__EXERCISE INSTRUCTIONS__: Pictures are to be omitted, and every entry below is to be restated exactly.

START MATERIAL FOR THIS EXERCISE

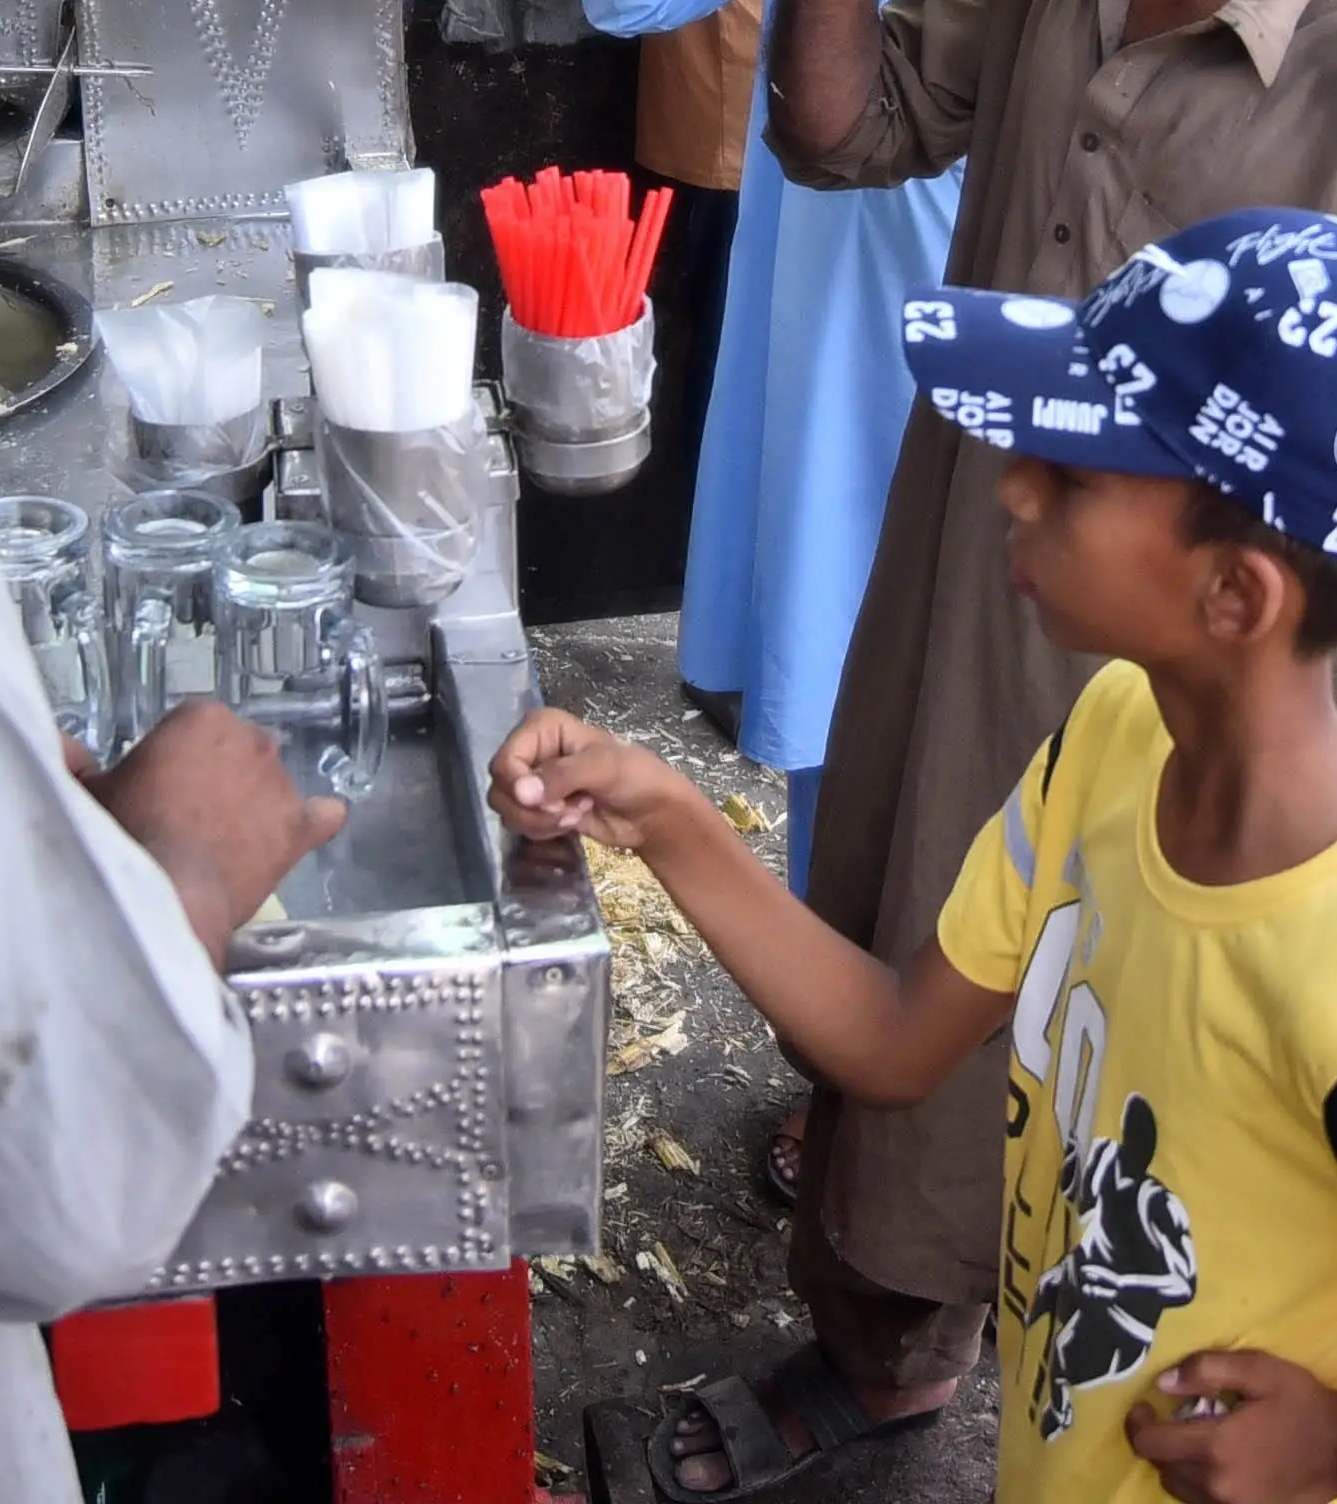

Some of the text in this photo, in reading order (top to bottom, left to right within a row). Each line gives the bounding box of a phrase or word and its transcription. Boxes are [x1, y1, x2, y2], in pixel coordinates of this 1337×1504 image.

[903, 300, 958, 344] 23
[1188, 382, 1240, 448] DAN
[1210, 400, 1262, 459] JOR
[1235, 413, 1286, 473] AIR
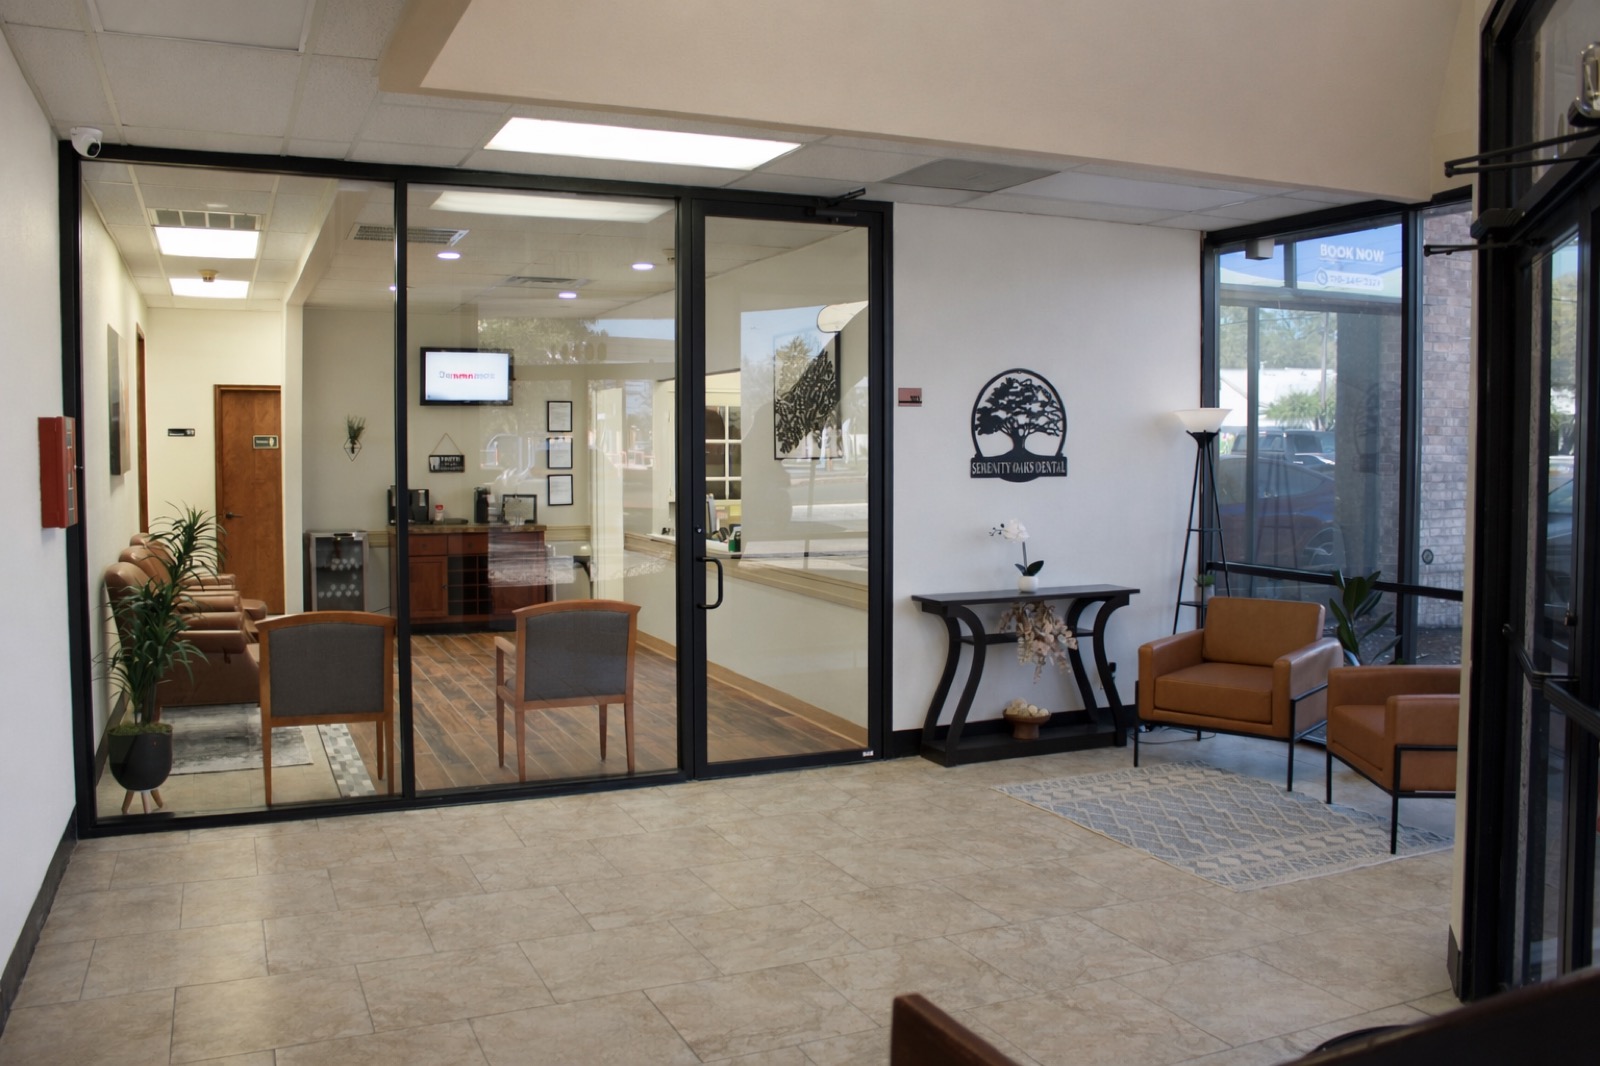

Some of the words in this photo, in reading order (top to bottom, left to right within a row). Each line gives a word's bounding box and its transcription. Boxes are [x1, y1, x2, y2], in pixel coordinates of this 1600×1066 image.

[1320, 244, 1354, 260] BOOK
[1355, 248, 1384, 262] NOW
[972, 462, 1011, 474] SERENITY
[1012, 461, 1034, 473] OAKS
[1035, 461, 1065, 473] DENTAL
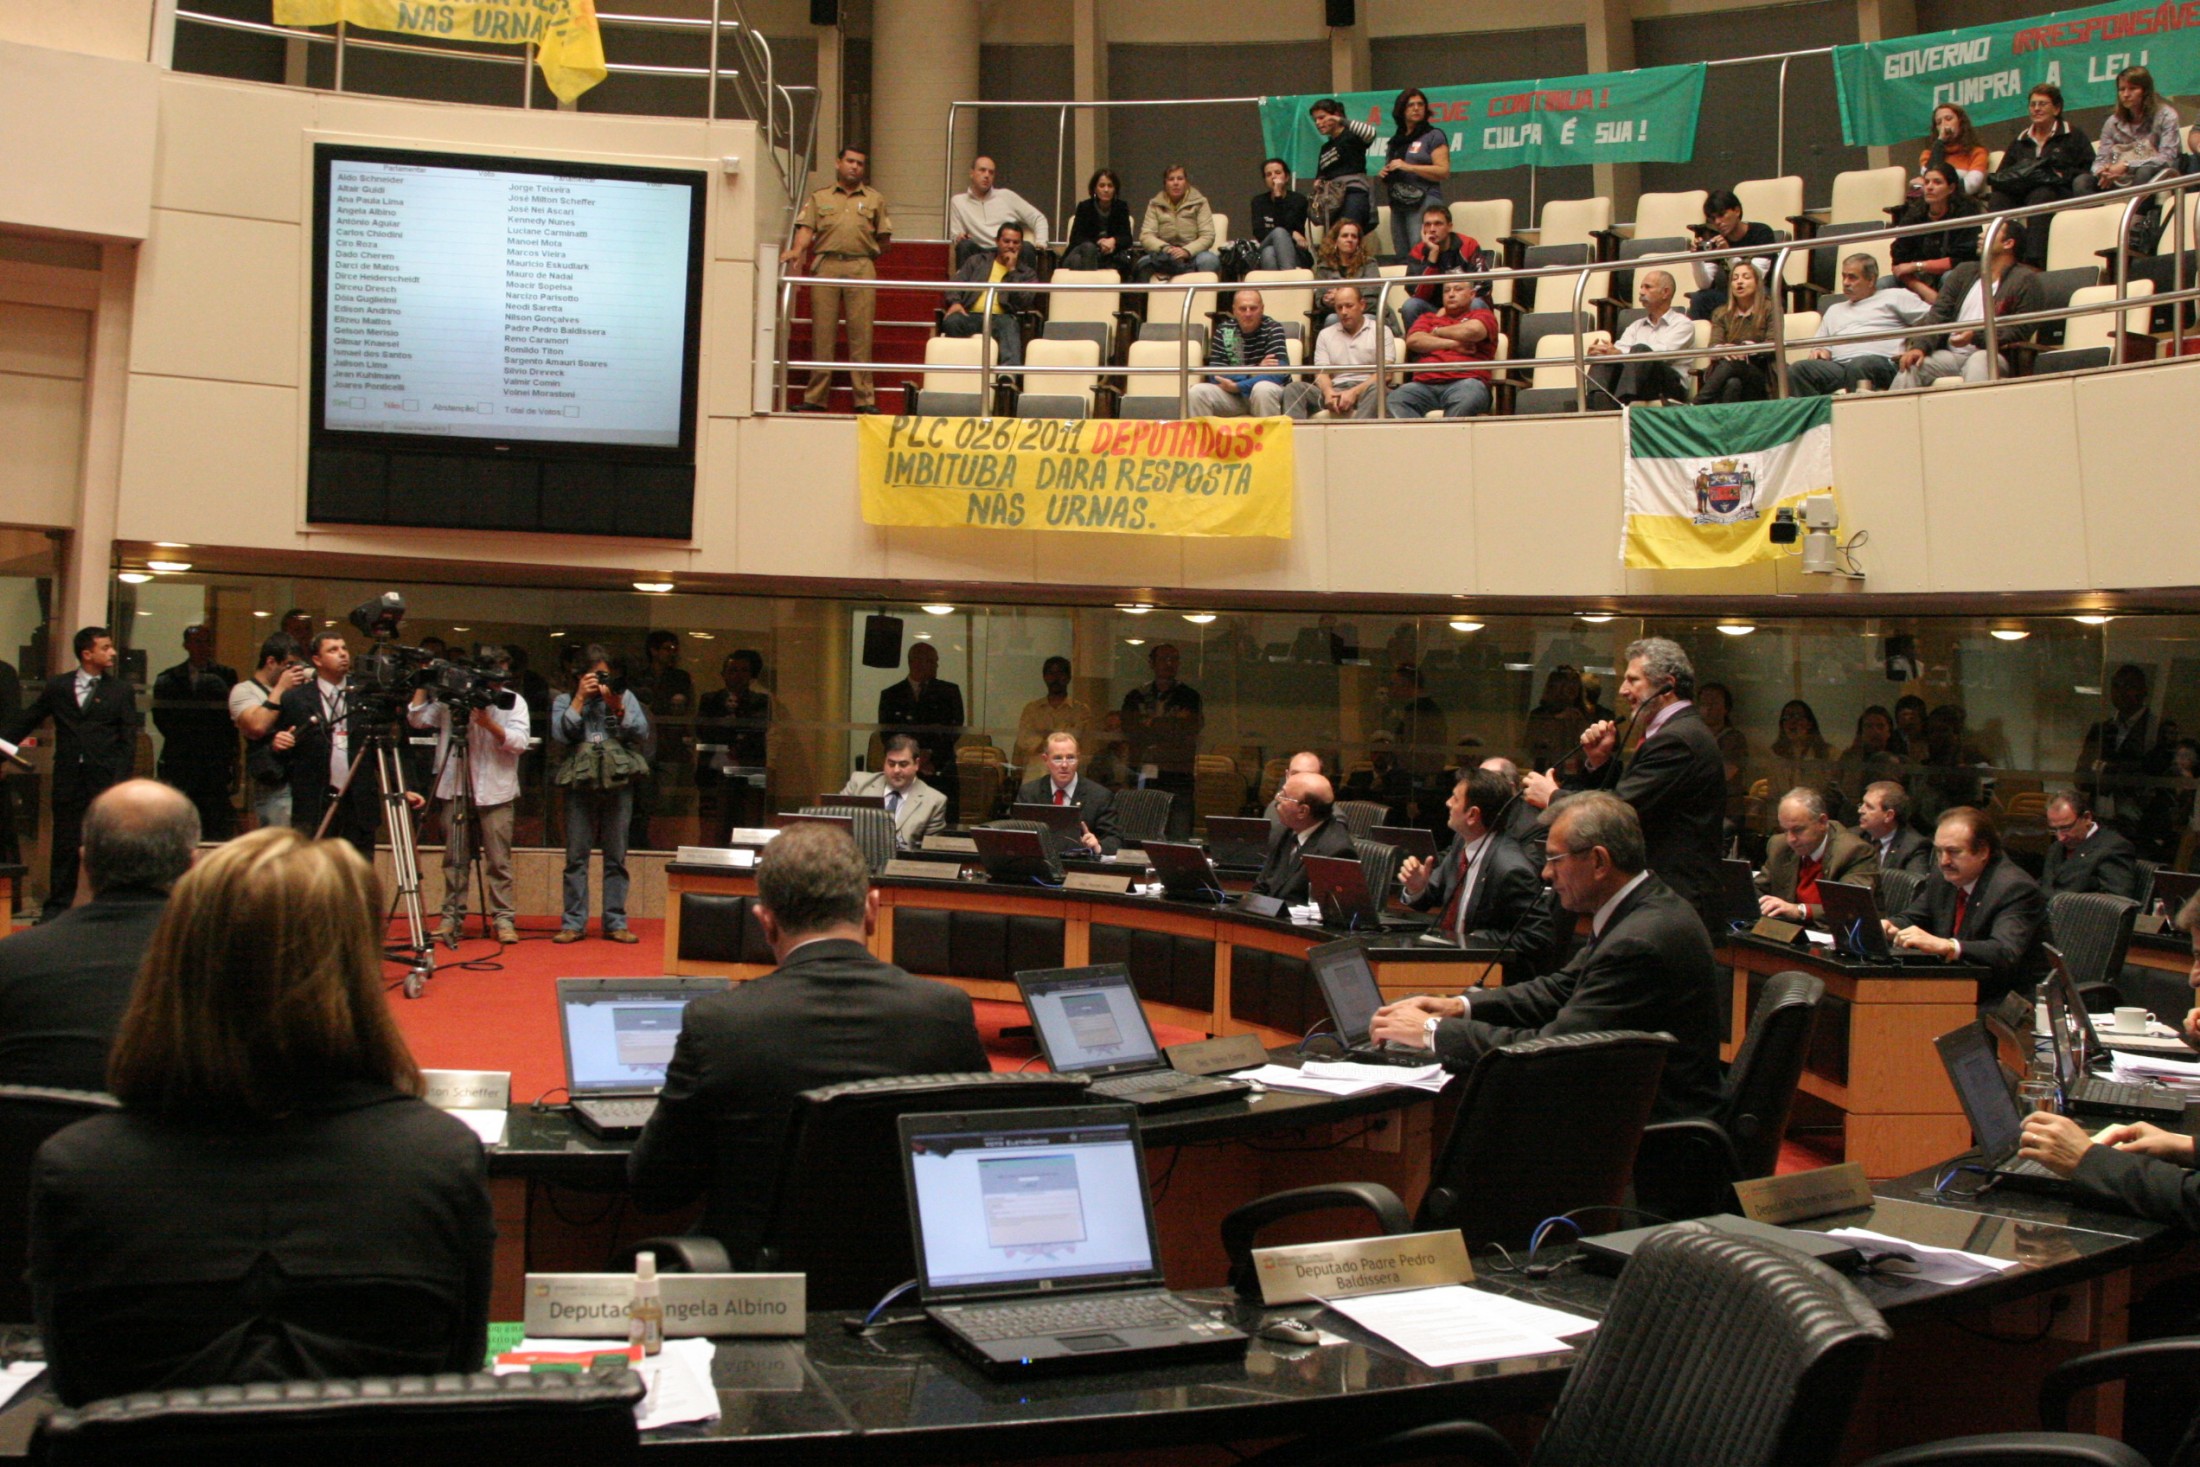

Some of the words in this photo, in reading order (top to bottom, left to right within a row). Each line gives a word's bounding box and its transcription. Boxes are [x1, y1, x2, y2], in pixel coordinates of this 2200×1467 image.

[396, 3, 454, 33] NAS
[1883, 36, 1992, 80] GOVERNO
[1932, 69, 2021, 110] CUMPRA
[2045, 61, 2061, 88] A
[1367, 106, 1381, 125] A
[1428, 101, 1471, 123] EVE
[1487, 87, 1610, 119] CONTINUA!
[1449, 132, 1463, 152] A
[1483, 122, 1542, 149] CULPA
[1560, 117, 1578, 145] É
[887, 416, 949, 449] PLC
[955, 418, 1086, 453] 026/2011
[1091, 420, 1264, 459] DEPUTADOS:
[884, 451, 1017, 487] IMBITUBA
[1035, 451, 1108, 490] DARÁ
[1115, 458, 1252, 496] RESPOSTA
[966, 492, 1025, 527] NAS
[1046, 494, 1156, 530] URNAS.
[1296, 1261, 1358, 1279] Deputado
[1361, 1257, 1396, 1271] Padre
[1399, 1253, 1436, 1267] Pedro
[1336, 1272, 1400, 1290] Baldissera
[665, 1299, 718, 1321] ngela
[724, 1299, 787, 1316] Albino

END MATERIAL FOR THIS EXERCISE

__ANSWER TO THIS EXERCISE__:
Some of the text in this photo, in reading order (top to bottom, left to right within a row). Each line gives the bounding box of a phrase or word and its transcription. Boxes are [x1, y1, x2, y2], in pixel coordinates of this 1337×1504 image.

[903, 300, 958, 344] 23
[1188, 382, 1240, 448] DAN
[1210, 400, 1262, 459] JOR
[1235, 413, 1286, 473] AIR

Some of the words in this photo, in reading order (top to bottom, left to right within a row). Each line gives a word's bounding box and its transcription. Boxes are [x1, y1, x2, y2], in pixel coordinates of this 1600×1066 image.

[1320, 244, 1354, 260] BOOK
[1355, 248, 1384, 262] NOW
[972, 462, 1011, 474] SERENITY
[1012, 461, 1034, 473] OAKS
[1035, 461, 1065, 473] DENTAL

Some of the words in this photo, in reading order (top to bottom, left to right within a row). Each line gives a word's bounding box and its transcription. Boxes are [x1, y1, x2, y2], in pixel coordinates of this 2200×1467 image.

[396, 3, 454, 33] NAS
[1883, 36, 1992, 80] GOVERNO
[1932, 69, 2021, 110] CUMPRA
[2045, 61, 2061, 88] A
[1367, 106, 1381, 125] A
[1428, 101, 1471, 123] EVE
[1487, 87, 1610, 119] CONTINUA!
[1449, 132, 1463, 152] A
[1483, 122, 1542, 149] CULPA
[1560, 117, 1578, 145] É
[887, 416, 949, 449] PLC
[955, 418, 1086, 453] 026/2011
[1091, 420, 1264, 459] DEPUTADOS:
[884, 451, 1017, 487] IMBITUBA
[1035, 451, 1108, 490] DARÁ
[1115, 458, 1252, 496] RESPOSTA
[966, 492, 1025, 527] NAS
[1046, 494, 1156, 530] URNAS.
[1296, 1261, 1358, 1279] Deputado
[1361, 1257, 1396, 1271] Padre
[1399, 1253, 1436, 1267] Pedro
[1336, 1272, 1400, 1290] Baldissera
[665, 1299, 718, 1321] ngela
[724, 1299, 787, 1316] Albino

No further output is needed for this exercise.